# HOW TO COMPLETE THIS TASK
Without copying any picture, return all lines below exactly.

# EXTRACTED ENTRIES

------------------------------------------------

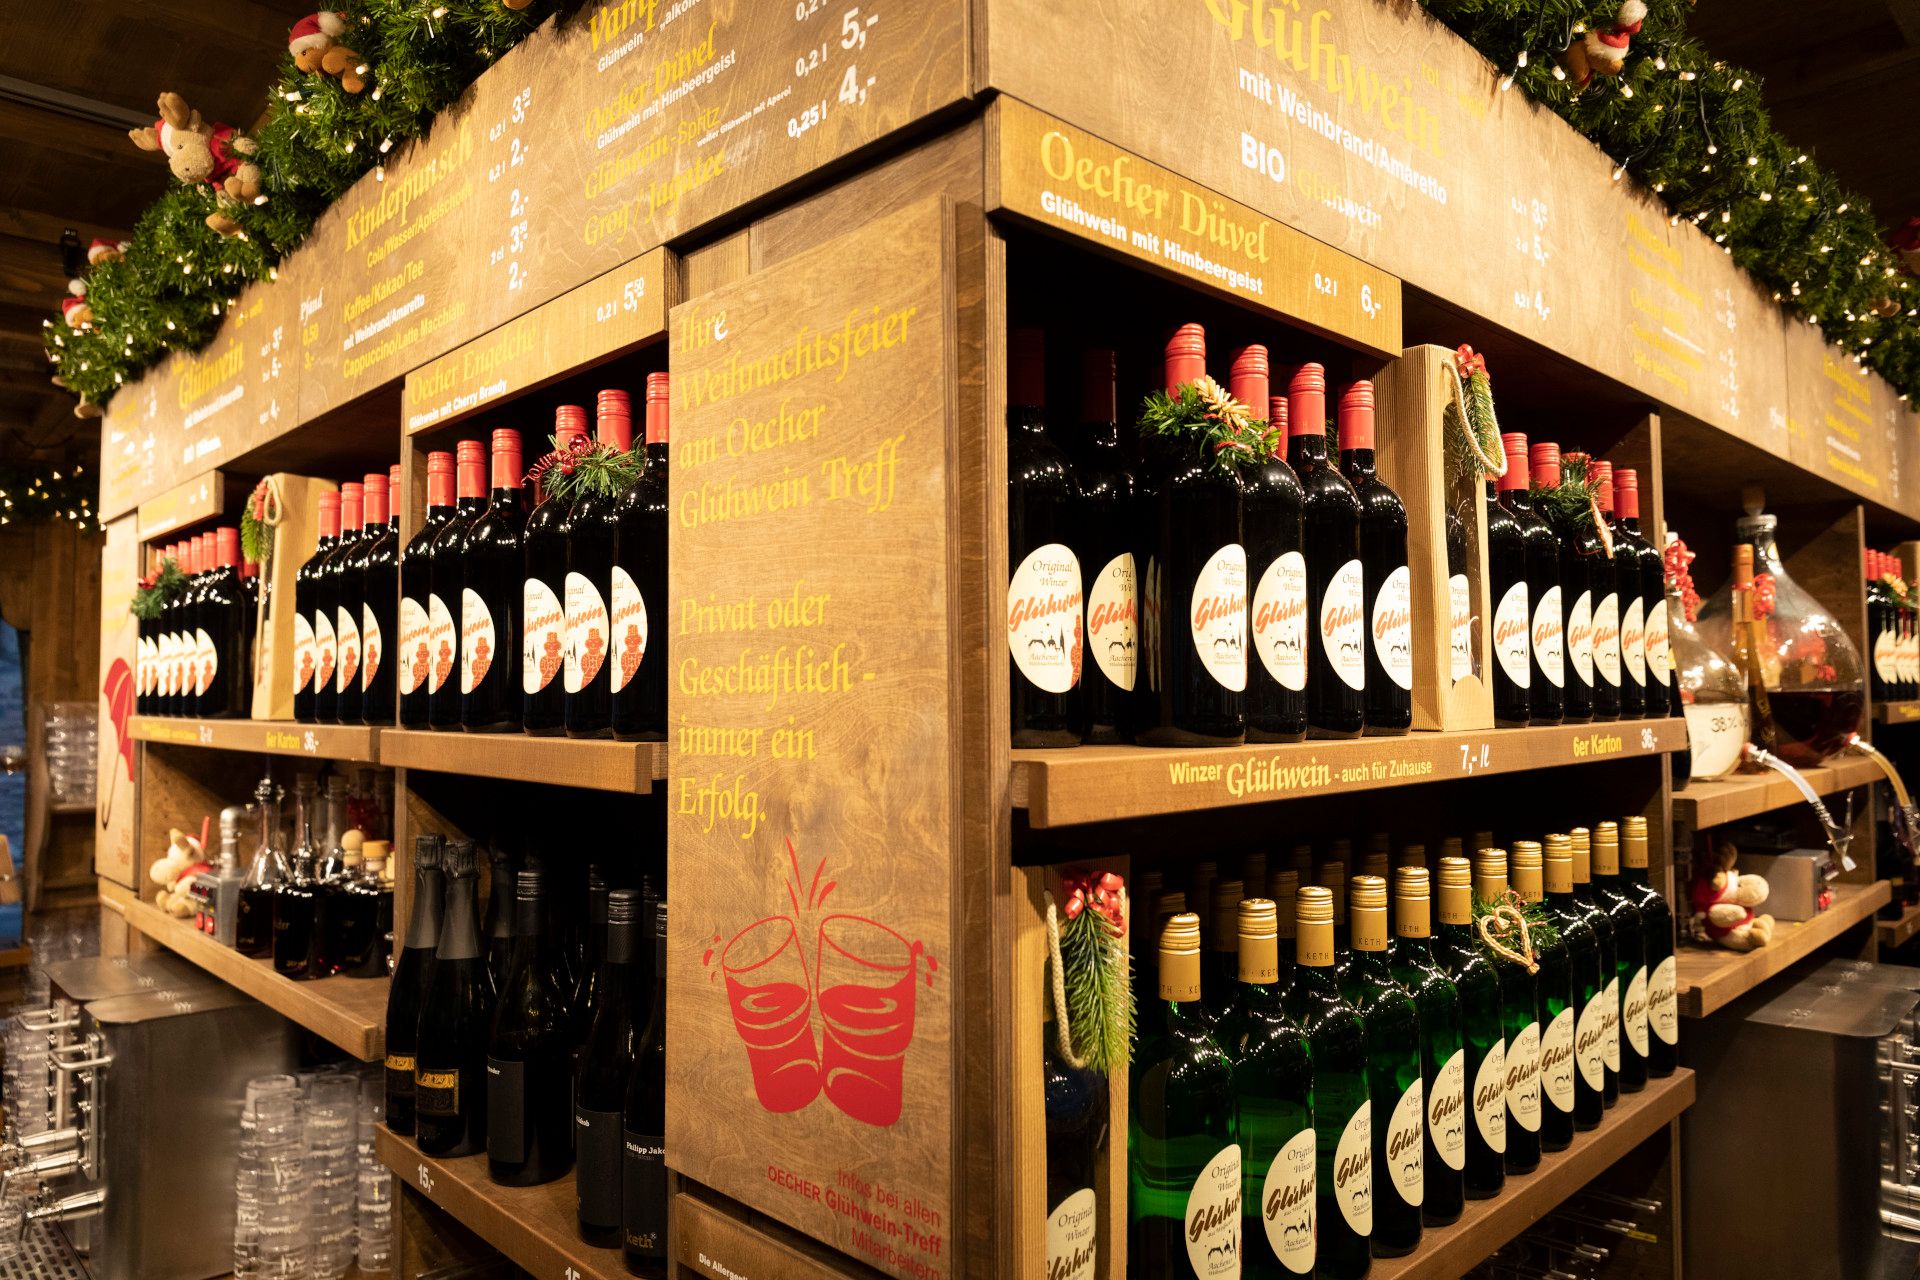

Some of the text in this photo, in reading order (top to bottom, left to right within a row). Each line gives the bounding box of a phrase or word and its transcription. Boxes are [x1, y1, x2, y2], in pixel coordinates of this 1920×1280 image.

[598, 32, 643, 73] Glühwein
[796, 49, 818, 77] 0,2
[841, 7, 878, 50] 5,-
[585, 20, 717, 139] Oecher Düvel
[597, 49, 736, 150] Glühwein mit Himbeergeist
[788, 104, 819, 138] 0,25
[839, 64, 877, 106] 4,-
[510, 138, 528, 167] 2,-
[1239, 67, 1273, 105] mit
[1277, 83, 1447, 205] Weinbrand/Amaretto
[1240, 132, 1285, 183] BIO
[345, 116, 474, 253] Kinderpunsch
[510, 188, 528, 218] 2,-
[1040, 130, 1271, 265] Oecher Düvel
[584, 201, 631, 246] Grog
[508, 261, 527, 290] 2,-
[1040, 190, 1128, 243] Glühwein
[1131, 229, 1160, 255] mit
[1163, 240, 1264, 296] Himbeergeist
[1314, 272, 1331, 296] 0,2
[1360, 284, 1382, 320] 6,-
[343, 260, 425, 324] Kaffee/Kakao/Tee
[597, 303, 612, 322] 0,2
[680, 305, 729, 353] Ihre
[411, 359, 457, 406] Oecher
[679, 304, 917, 412] Weihnachtsfeier
[679, 396, 827, 471] am Oecher
[679, 434, 907, 529] Glühwein Treff
[680, 579, 832, 635] Privat oder
[680, 642, 854, 713] Geschäftlich
[677, 714, 817, 760] immer ein
[1573, 737, 1589, 757] 6er
[1591, 735, 1622, 755] Karton
[1169, 761, 1223, 785] Winzer
[1226, 755, 1332, 798] Glühwein
[1342, 764, 1369, 783] auch
[1372, 761, 1388, 780] für
[1389, 759, 1432, 778] Zuhause
[677, 772, 767, 840] Erfolg.
[1306, 952, 1330, 960] KETH
[1358, 937, 1381, 946] KETH
[626, 1141, 647, 1155] Philipp
[417, 1163, 435, 1193] 15,-
[837, 1167, 941, 1228] Infos bei allen
[767, 1165, 941, 1257] OECHER Glühwein-Treff
[699, 1252, 711, 1267] Die
[851, 1227, 941, 1280] Mitarbeitern
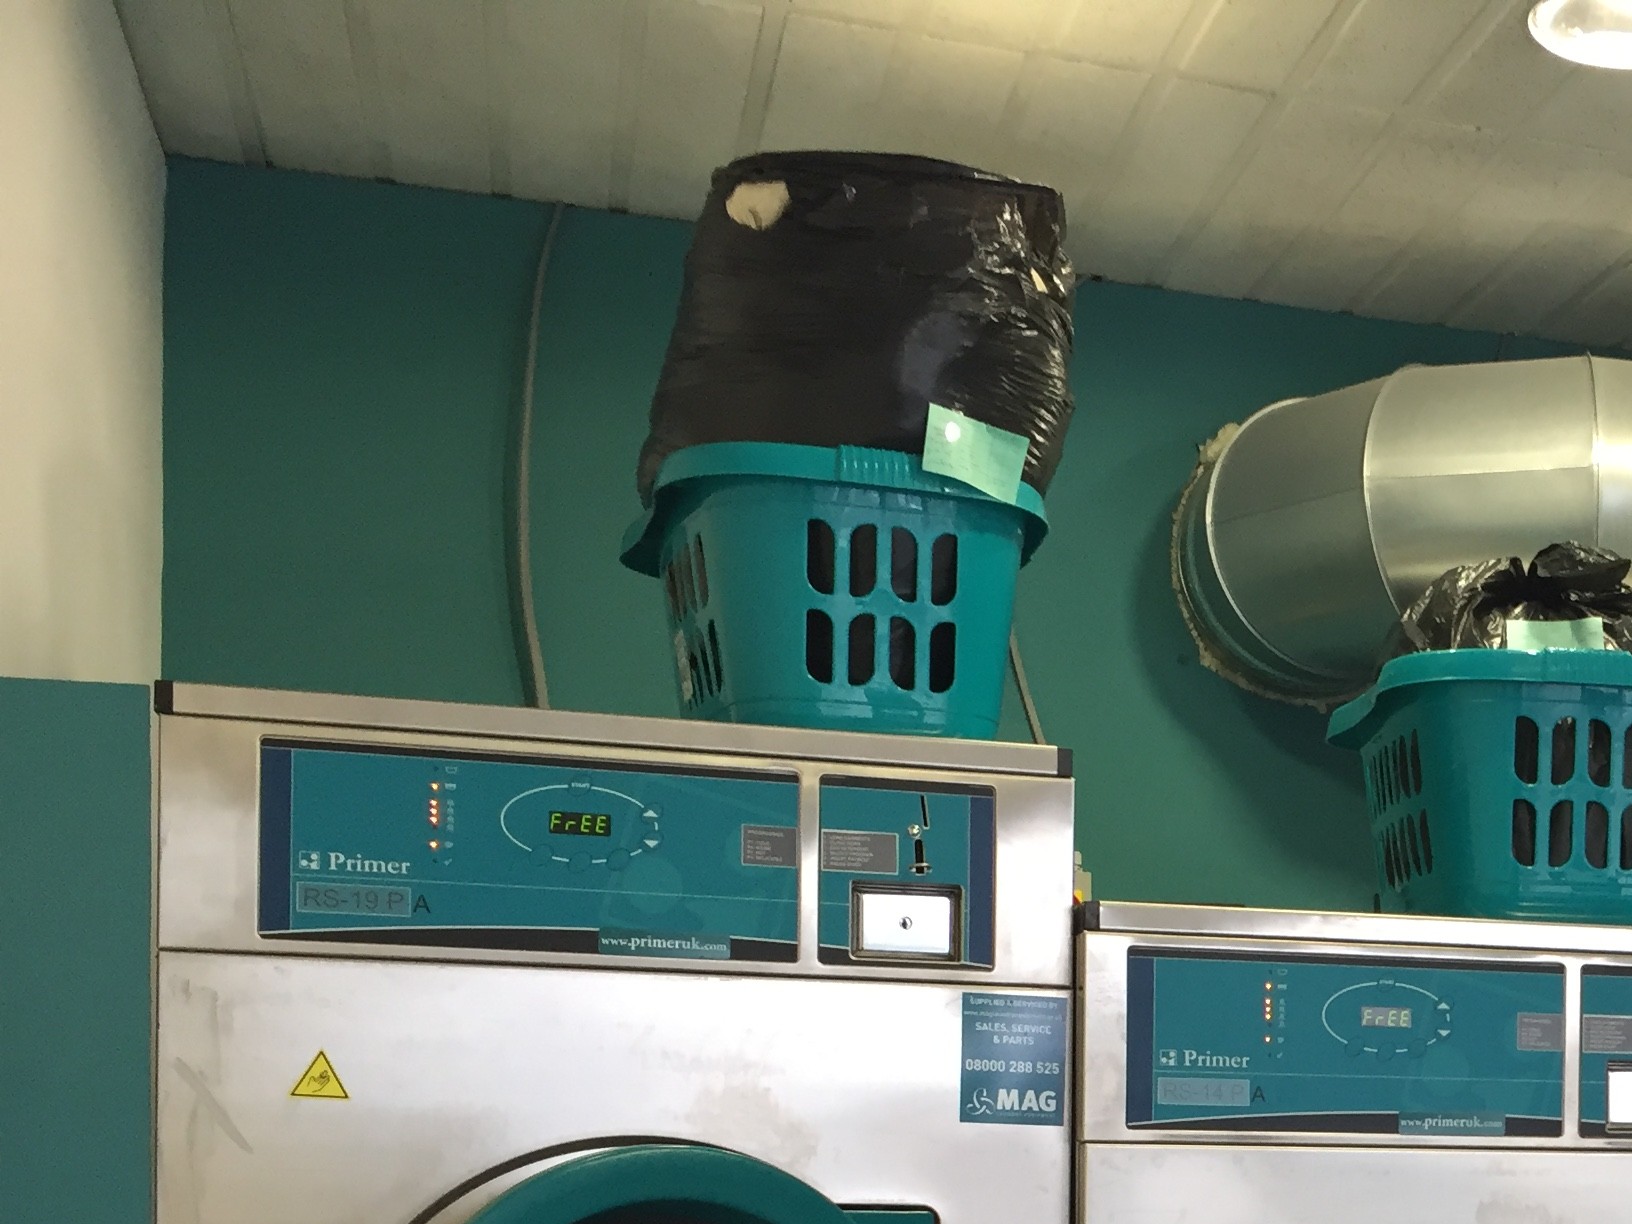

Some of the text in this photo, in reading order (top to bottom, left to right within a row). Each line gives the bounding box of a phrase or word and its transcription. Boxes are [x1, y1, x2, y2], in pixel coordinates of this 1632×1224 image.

[328, 852, 411, 874] Primer
[303, 887, 431, 914] RS-19 P A
[601, 935, 727, 951] www.primeruk.com
[975, 1022, 1051, 1035] SALES, SERVICE
[993, 1035, 1034, 1046] & PARTS
[965, 1059, 1060, 1075] 08000 288 525
[1183, 1049, 1250, 1068] Primer
[997, 1088, 1056, 1112] MAG
[1163, 1082, 1223, 1100] RS-14
[1251, 1086, 1266, 1102] A
[1400, 1114, 1502, 1130] www.primeruk.com

------------------------------------------------

# RESPONSE TO THE EXERCISE
Some of the text in this photo, in reading order (top to bottom, left to right within a row). Each line gives the bounding box of a phrase or word and its transcription. Boxes are [x1, y1, x2, y2], in pixel coordinates of this 1920×1280 image.

[598, 32, 643, 73] Glühwein
[796, 49, 818, 77] 0,2
[841, 7, 878, 50] 5,-
[585, 20, 717, 139] Oecher Düvel
[597, 49, 736, 150] Glühwein mit Himbeergeist
[788, 104, 819, 138] 0,25
[839, 64, 877, 106] 4,-
[510, 138, 528, 167] 2,-
[1239, 67, 1273, 105] mit
[1277, 83, 1447, 205] Weinbrand/Amaretto
[1240, 132, 1285, 183] BIO
[345, 116, 474, 253] Kinderpunsch
[510, 188, 528, 218] 2,-
[1040, 130, 1271, 265] Oecher Düvel
[584, 201, 631, 246] Grog
[508, 261, 527, 290] 2,-
[1040, 190, 1128, 243] Glühwein
[1131, 229, 1160, 255] mit
[1163, 240, 1264, 296] Himbeergeist
[1314, 272, 1331, 296] 0,2
[1360, 284, 1382, 320] 6,-
[343, 260, 425, 324] Kaffee/Kakao/Tee
[597, 303, 612, 322] 0,2
[680, 305, 729, 353] Ihre
[411, 359, 457, 406] Oecher
[679, 304, 917, 412] Weihnachtsfeier
[679, 396, 827, 471] am Oecher
[679, 434, 907, 529] Glühwein Treff
[680, 579, 832, 635] Privat oder
[680, 642, 854, 713] Geschäftlich
[677, 714, 817, 760] immer ein
[1573, 737, 1589, 757] 6er
[1591, 735, 1622, 755] Karton
[1169, 761, 1223, 785] Winzer
[1226, 755, 1332, 798] Glühwein
[1342, 764, 1369, 783] auch
[1372, 761, 1388, 780] für
[1389, 759, 1432, 778] Zuhause
[677, 772, 767, 840] Erfolg.
[1306, 952, 1330, 960] KETH
[1358, 937, 1381, 946] KETH
[626, 1141, 647, 1155] Philipp
[417, 1163, 435, 1193] 15,-
[837, 1167, 941, 1228] Infos bei allen
[767, 1165, 941, 1257] OECHER Glühwein-Treff
[699, 1252, 711, 1267] Die
[851, 1227, 941, 1280] Mitarbeitern

Some of the text in this photo, in reading order (top to bottom, left to right within a row). Each line gives the bounding box of a phrase or word and its transcription. Boxes are [x1, y1, x2, y2], in pixel coordinates of this 1632×1224 image.

[328, 852, 411, 874] Primer
[303, 887, 431, 914] RS-19 P A
[601, 935, 727, 951] www.primeruk.com
[975, 1022, 1051, 1035] SALES, SERVICE
[993, 1035, 1034, 1046] & PARTS
[965, 1059, 1060, 1075] 08000 288 525
[1183, 1049, 1250, 1068] Primer
[997, 1088, 1056, 1112] MAG
[1163, 1082, 1223, 1100] RS-14
[1251, 1086, 1266, 1102] A
[1400, 1114, 1502, 1130] www.primeruk.com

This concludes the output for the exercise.